SYNOPSIS 

Lou Clark knows lots of things. She knows how many footsteps there are between the bus stop and home. She knows she likes working in The Buttered Bun tea shop and she knows she might not love her boyfriend Patrick. What Lou doesn’t know is she’s about to lose her job or that knowing what’s coming is what keeps her sane. Will Traynor knows his motorcycle accident took away his desire to live. He knows everything feels very small and rather joyless now and he knows exactly how he’s going to put a stop to that. What Will doesn’t know is that Lou is about to burst into his world in a riot of colour. And neither of them knows they’re going to change the other for all time.

 

REVIEW  5/5⭐️⭐️⭐️⭐️⭐️

This book is so beautiful. 

I didn’t cry and I’m not sure if it was because my heart is made of ice or because of the fact that I knew that what happened was going to happen and I don’t know how I feel about that, maybe I should read less romantic novels and focus on different themes in my readings. Anyways, I loved it, I don’t know if the fact that I was fascinated by this book is in any way connected to the fact that everyone loved it but I’m pretty sure it is the fact that this book is great. I loved the beginning because I don’t know why I felt really connected to Louisa, I don’t like anything and I’m grossed out by everything, I’m so weird and my mom always tells me I’m very picky, but I’m sure that’s not the problem, I’m sure I’m not the problem.

(JK, I am the problem) 

For me there never was a moment of boredom in the book, from front to back it was pretty amazing and very entertaining, the character development between Louisa and Will was beautiful and the independent character development of these two was even more beautiful. 

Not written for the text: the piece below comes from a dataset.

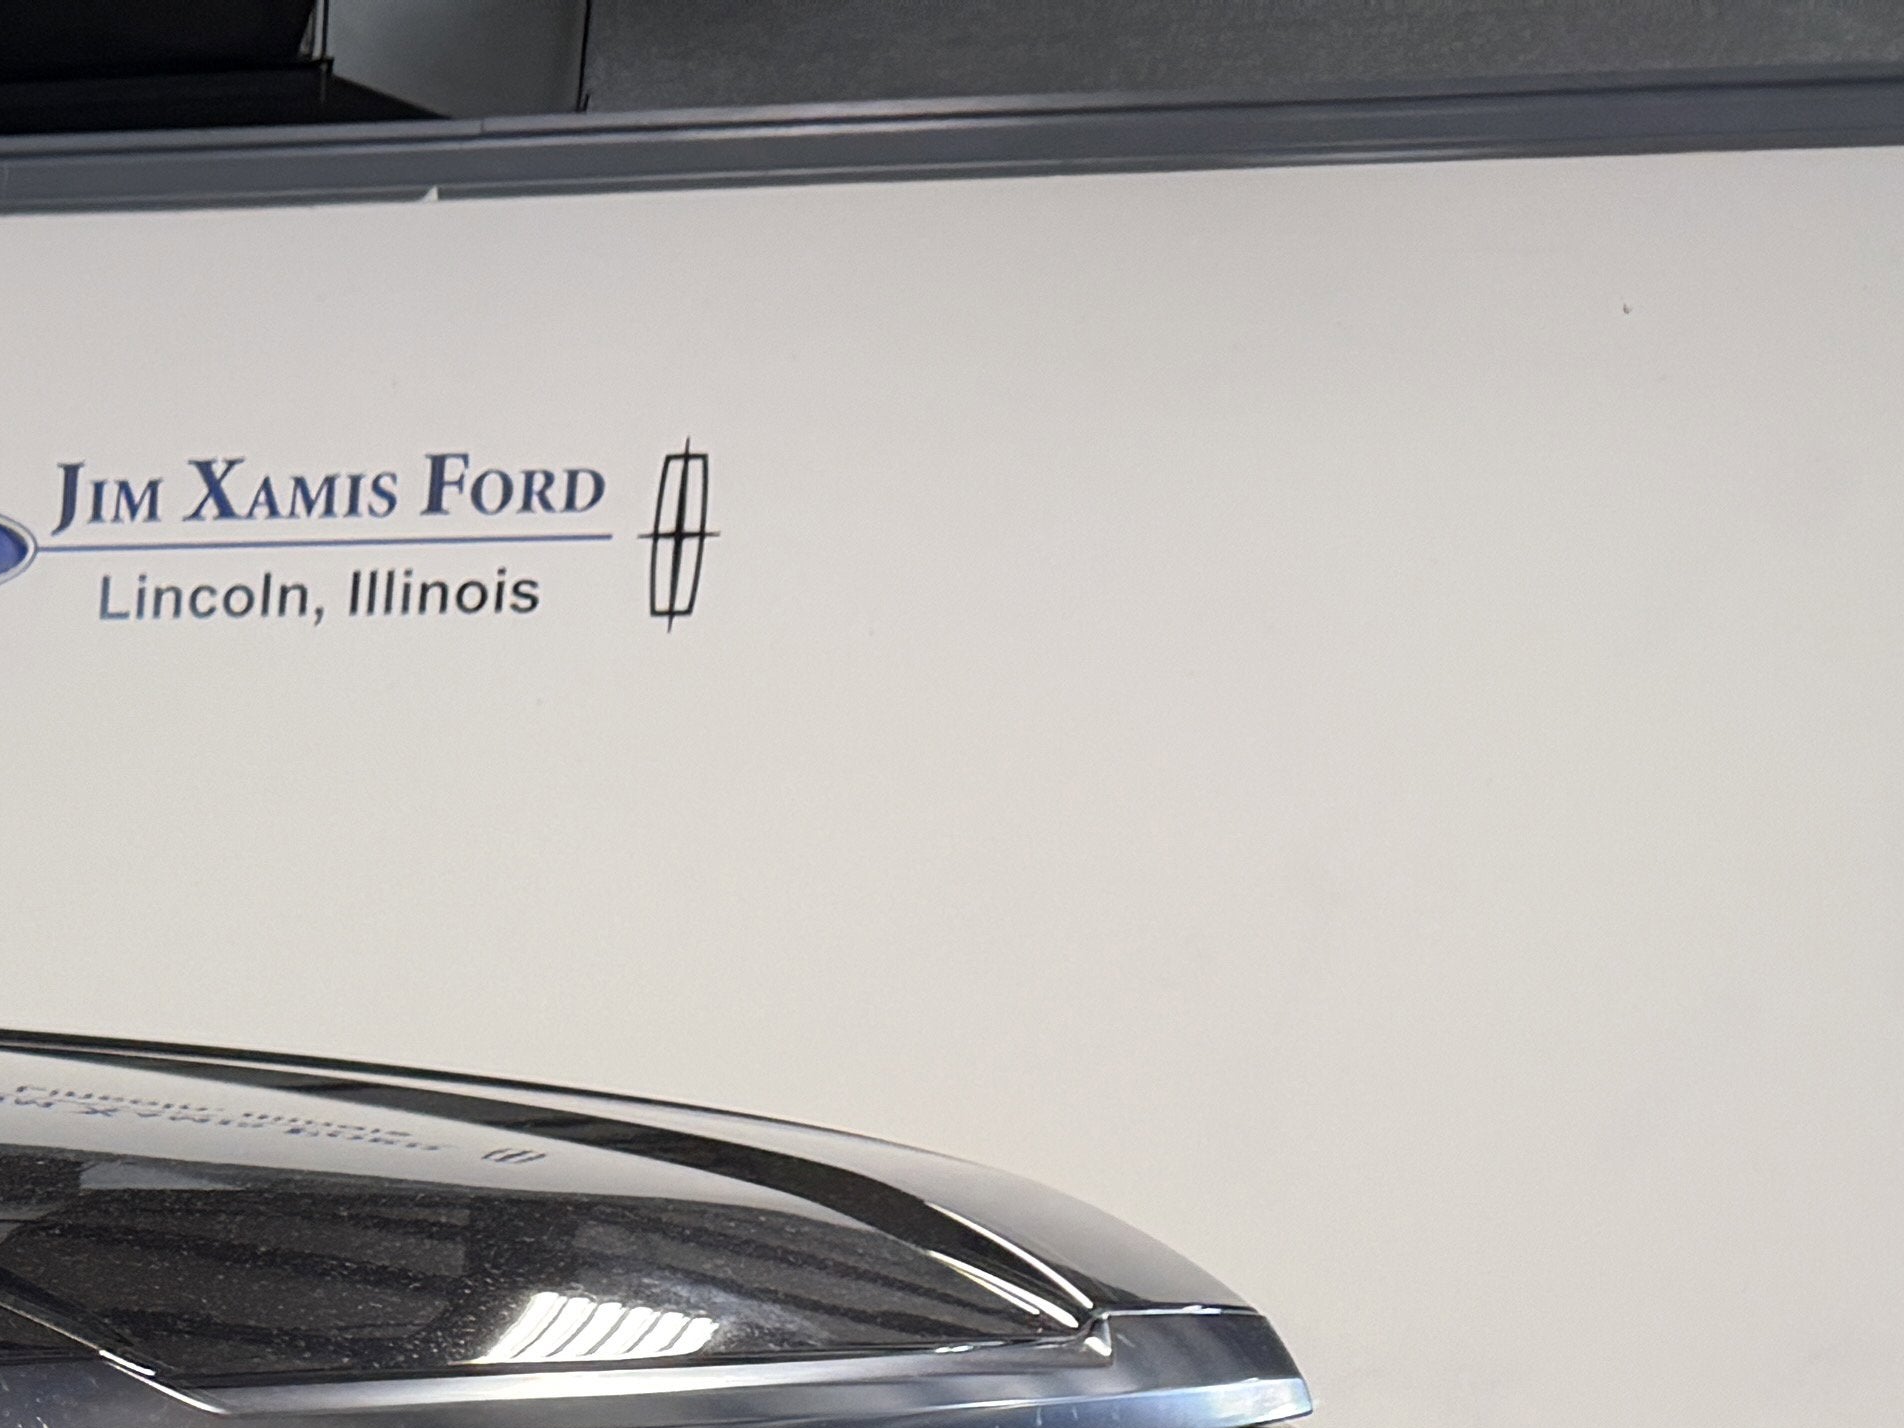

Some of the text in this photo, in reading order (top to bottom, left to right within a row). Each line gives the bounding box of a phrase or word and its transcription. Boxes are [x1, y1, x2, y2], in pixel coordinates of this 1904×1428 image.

Do I want to read more books from Jojo Moyes? Maybe I do. 

Are my feelings towards her books going to be a little bit related to my feelings towards Colleen Hoover’s books? I’m pretty sure that is going to happen. 

I don’t know why I love romantic novels so much and I don’t know why I also love romantic novels that make me suffer. There should be a middle point between these two, but there is not.

 

“I needed to tell him, silently, that things might change, grow or fail, but that life did go on.”